Die Digitalisierung des Alltags schreitet voran. Algorithmen entscheiden, welche Nachrichten wir lesen, welche Partner wir treffen und vielleicht auch, welche Partei wir wählen. Dass automatisierte Systeme und Blackbox-Algorithmen nicht mit dem Transparenzgebot der bürgerlichen Öffentlichkeit vereinbar sind, scheint gewiss.
Der Rechtswissenschaftler Mario Martini schreibt in der Juristen Zeitung (JZ), dass der "mathematisch-logische Problembewältigungsmodus" mit seinen inhärenten "Arkan-Formeln" Gefahren für gesellschaftliche Grundwerte berge: "Die Rechtmäßigkeit von Entscheidungen kann nur prüfen, wer die Datengrundlage, Handlungsabfolge und Gewichtung der Entscheidungskriterien kennt und versteht."
Die Forderung, Algorithmen nachvollziehbar und verständlich zu machen, ist auch im Politikbetrieb angekommen. Bundeskanzlerin Angela Merkel sagte bei den Münchner Medientagen 2016: "Ich bin der Meinung, dass Algorithmen transparenter sein müssen, sodass interessierten Bürgern auch bewusst wird, was mit ihrem Medienverhalten und dem anderer passiert." Ein Postulat, worauf sich wohl alle politischen Parteien verständigen können.
Die Forderung nach mehr Transparenz operiert jedoch mit der Fiktion, dass man Algorithmen nur offenlegen müsse, um sie einer demokratischen Kontrolle zuführen zu können. Die Google-Entwicklerin Rachel Potvin sagte auf einer Konferenz im Silicon Valley, dass der gesamte Google-Software-Komplex - von der Suchmaschine über Gmail bis zum Kartendienst Maps - aus rund zwei Milliarden Zeilen Programmiercode bestehe. Wie will man diesen Krypto-Komplex dekonstruieren?
Das Problem liegt darin, dass die Intransparenz algorithmischer Prozeduren auch Voraussetzung für das Funktionieren der Informationsökonomie ist. Google behauptet, dass bei einer Offenlegung seines Algorithmus Inhalte willkürlich in die oberen Suchranglisten platziert werden könnten und so die informationelle Architektur kollabieren könne. Das ist ein systemimmanenter Widerspruch, bei dem niemand weiß, wie er aufzulösen wäre.
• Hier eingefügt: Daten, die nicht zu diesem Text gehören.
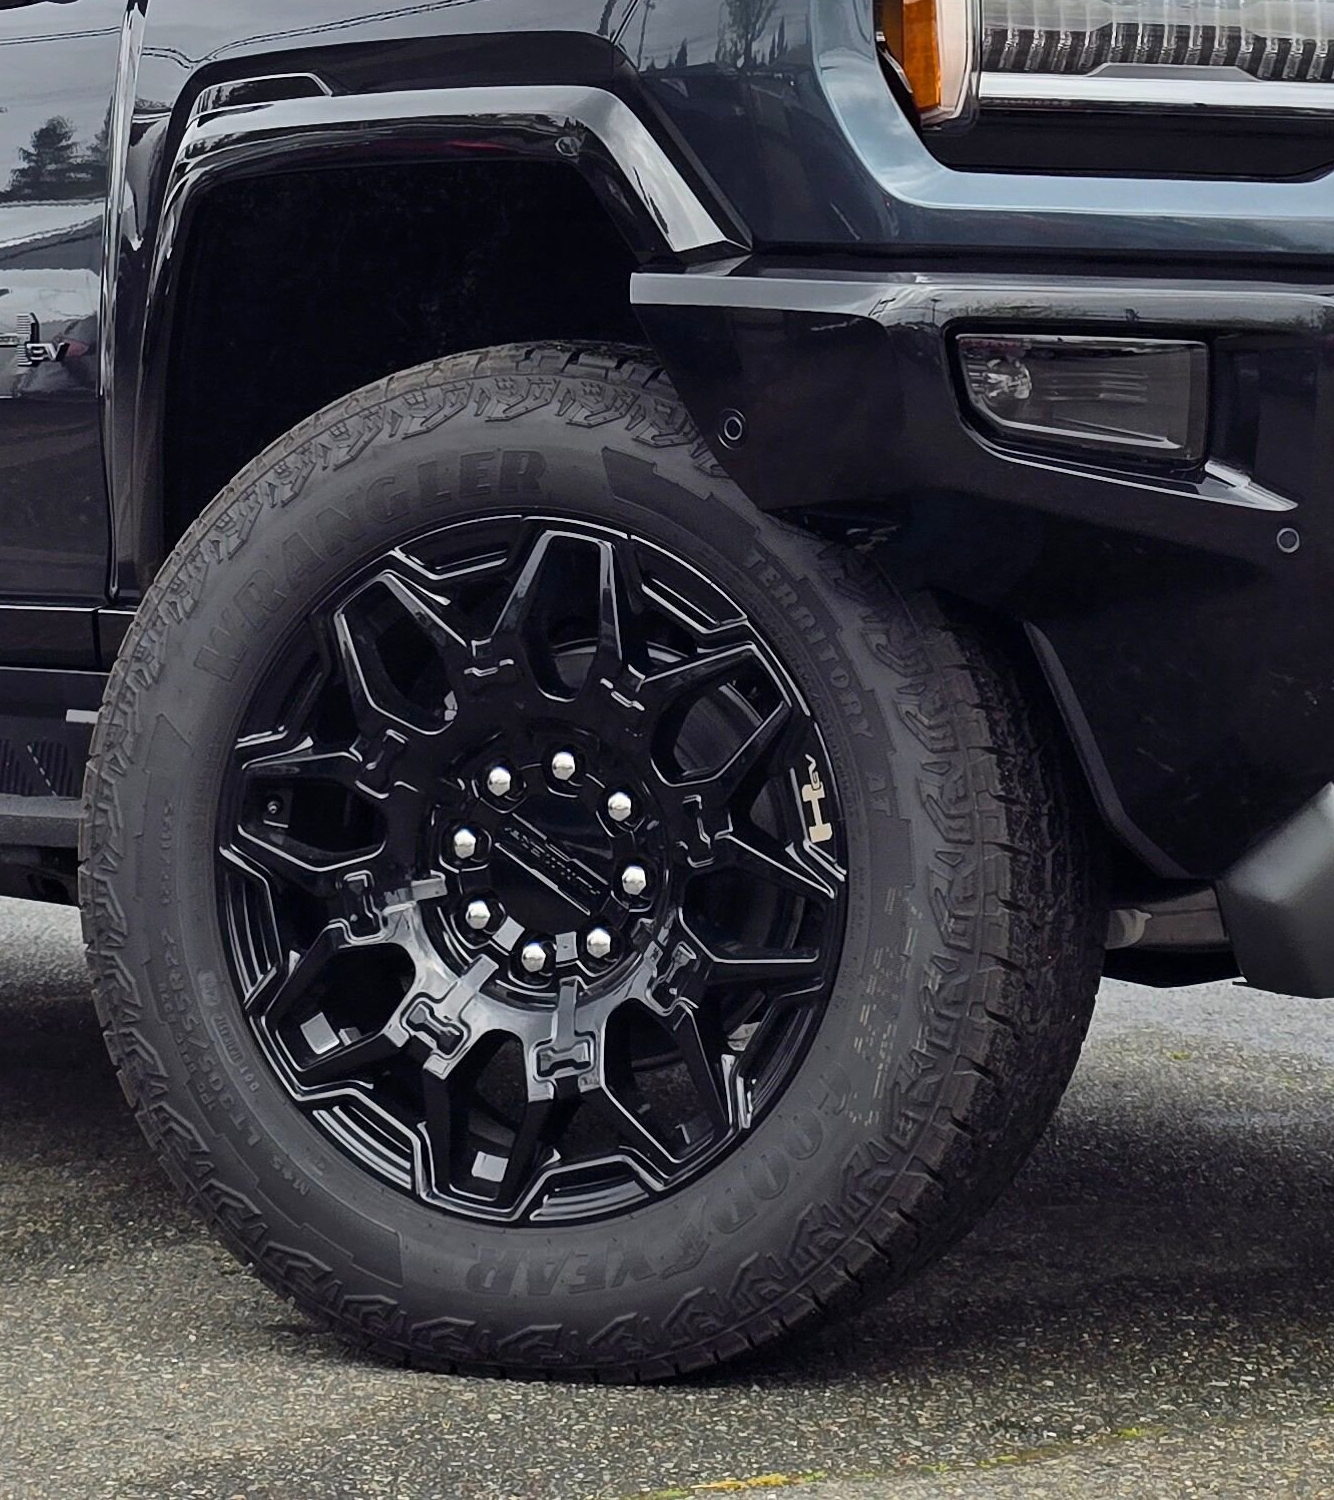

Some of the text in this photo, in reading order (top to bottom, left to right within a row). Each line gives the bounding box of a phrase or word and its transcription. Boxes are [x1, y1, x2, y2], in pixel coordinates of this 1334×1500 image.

[193, 449, 548, 683] WRANGLER
[743, 548, 875, 740] TERRITORY
[464, 1058, 855, 1299] GOODYEAR
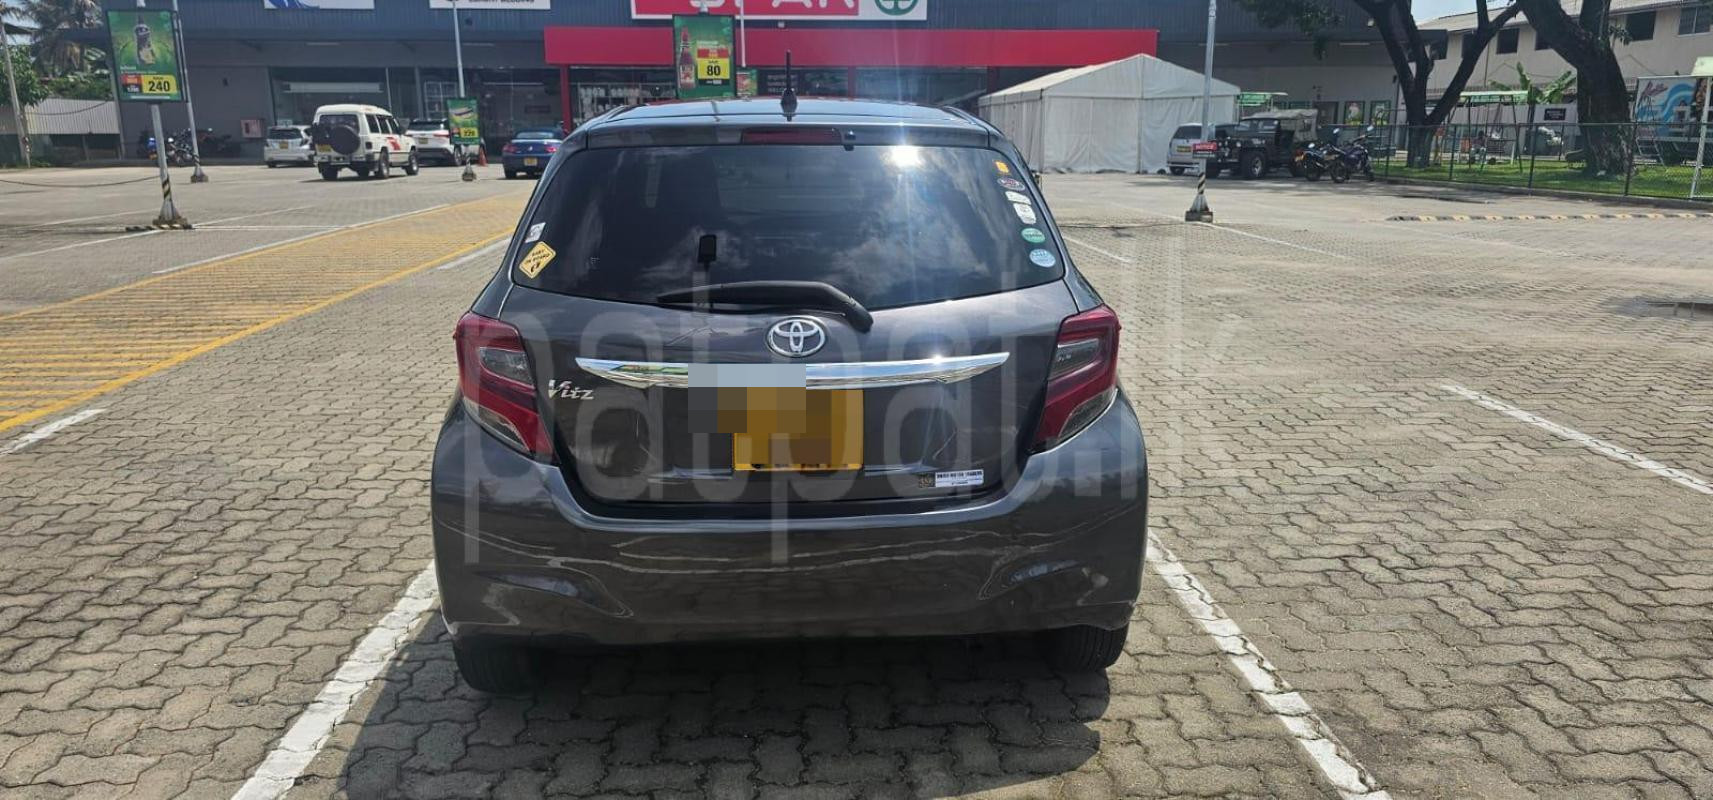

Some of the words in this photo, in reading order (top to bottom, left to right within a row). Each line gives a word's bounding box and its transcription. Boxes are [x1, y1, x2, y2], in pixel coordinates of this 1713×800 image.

[706, 65, 721, 76] 80
[148, 80, 171, 92] 240
[548, 379, 594, 400] Vitz
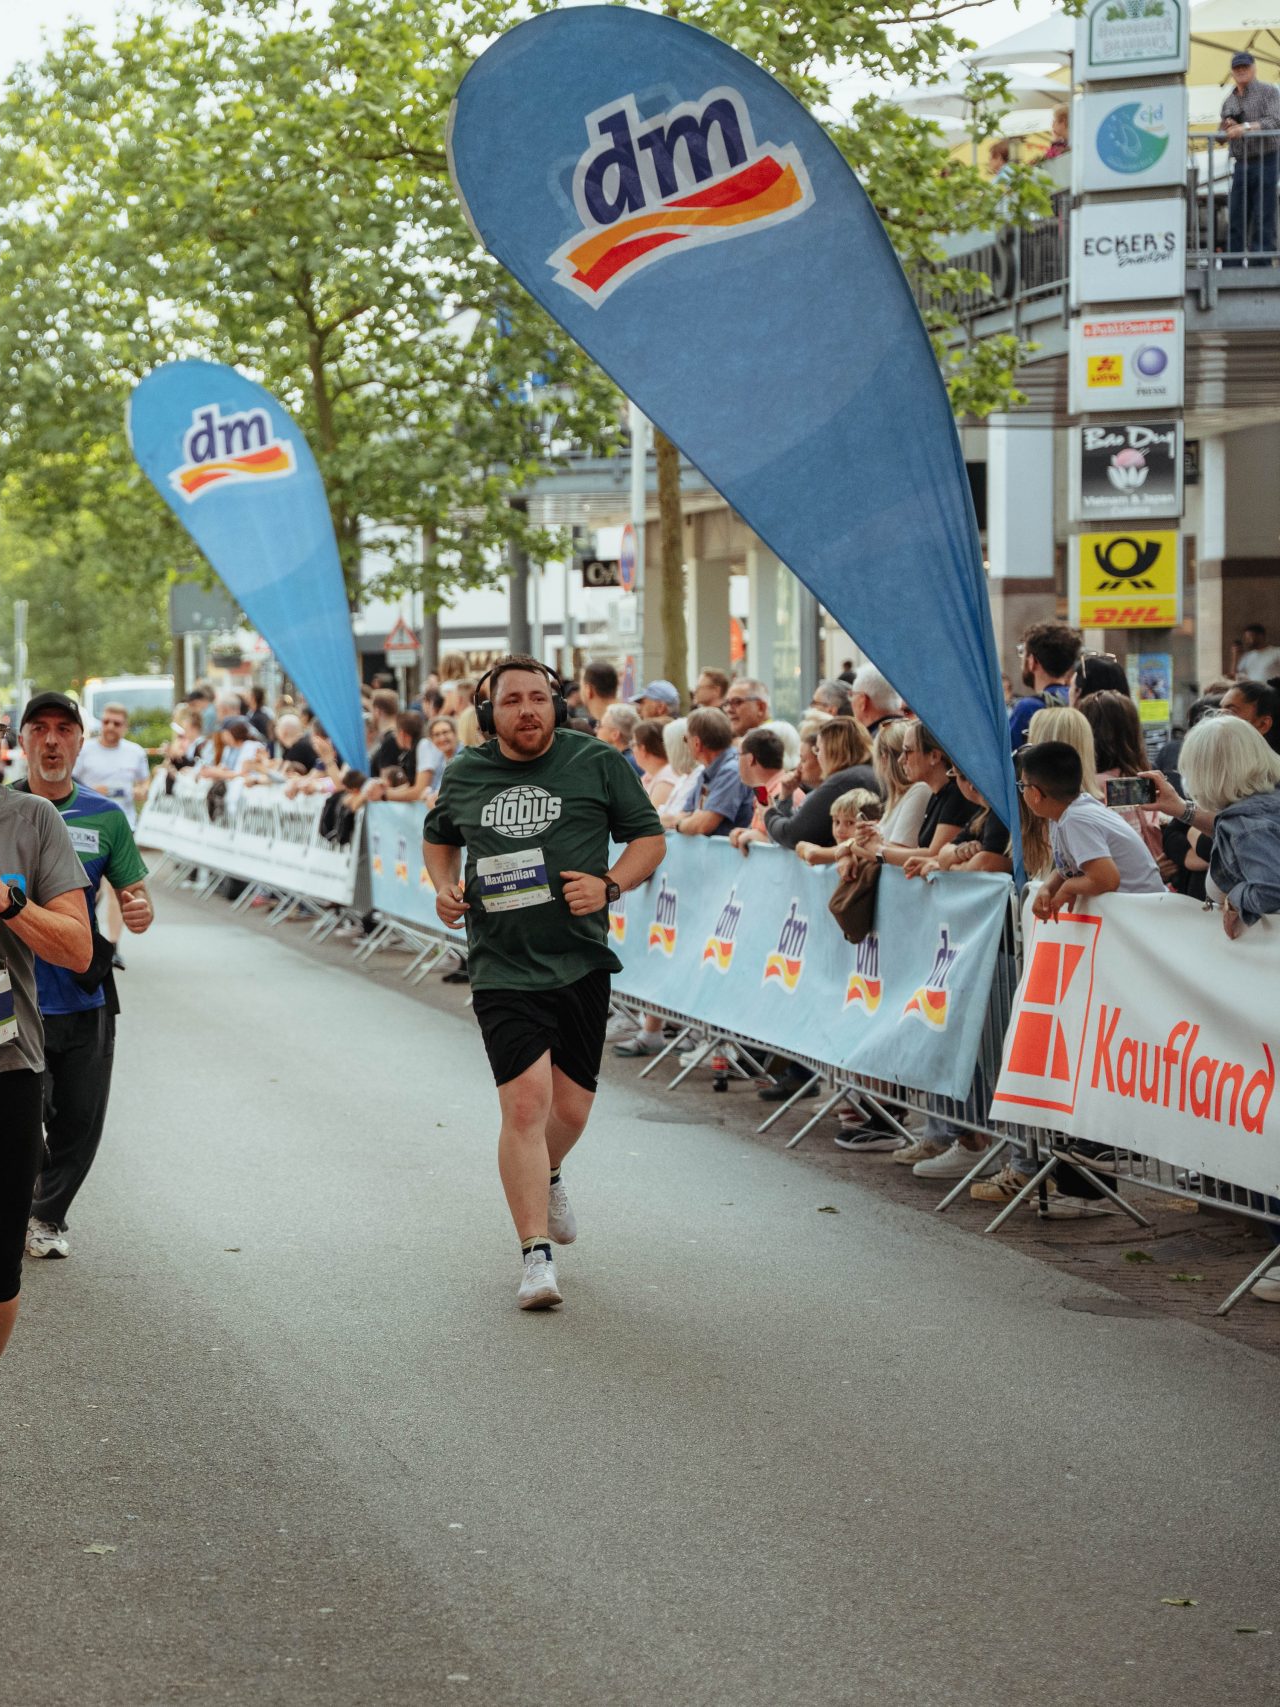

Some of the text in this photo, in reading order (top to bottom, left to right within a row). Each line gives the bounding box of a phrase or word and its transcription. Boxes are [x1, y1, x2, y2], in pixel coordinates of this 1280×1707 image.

[585, 109, 748, 224] dm
[1084, 232, 1175, 256] ECKER'S
[191, 411, 267, 463] dm
[1093, 607, 1162, 624] DHL
[484, 869, 536, 886] Maximilian
[656, 878, 677, 926] dm
[715, 890, 741, 940] dm
[778, 903, 808, 957] dm
[1091, 1004, 1276, 1135] Kaufland
Es droht eine "Herrschaft der Wissenden"
Selbst wenn man die Vorhersage-Algorithmen offenlegte, mit denen in einigen US-Bundesstaaten die Rückfallwahrscheinlichkeit von Straftätern berechnet wird, trüge dies wenig zur Transparenz der Entscheidungsgründe bei. Nicht einmal Richter mit statistischen Grundkenntnissen dürften sie verstehen. Vor allem ändert es nichts am sozialdeterministischen Modus dieser automatisierten Entscheidungsketten: Wenn der Risikoscore höher als 50 liegt, dann ist Haftverlängerung angezeigt. Wenn unter 50, dann Freiheit. Eine für offene Gesellschaften so zentrale Frage wie die nach Freiheit oder Unfreiheit kann nicht mit Gleichungssystemen "gelöst" werden, die gegen Kritik von außen immun sind.
Das führt zum eigentlichen Problem: Algorithmen etablieren eine Herrschaft der Weisen. Denn das Verständnis über die algorithmischen Prozeduren besitzen allein die Programmierer. Ihr Wissen über spezifische Prozesse der Gesellschaft - Google etwa kann die Nachfrage von Wirtschaftsgütern auf einzelne Regionen heruntergebrochen vorhersagen - gerinnt im Zeitalter der Digitalisierung zu Macht. Es ist eine einfache Gleichung: Je algorithmisierter die Gesellschaft ist, desto weniger weiß sie über die zugrunde liegenden Verfahren und desto weniger Einfluss hat sie.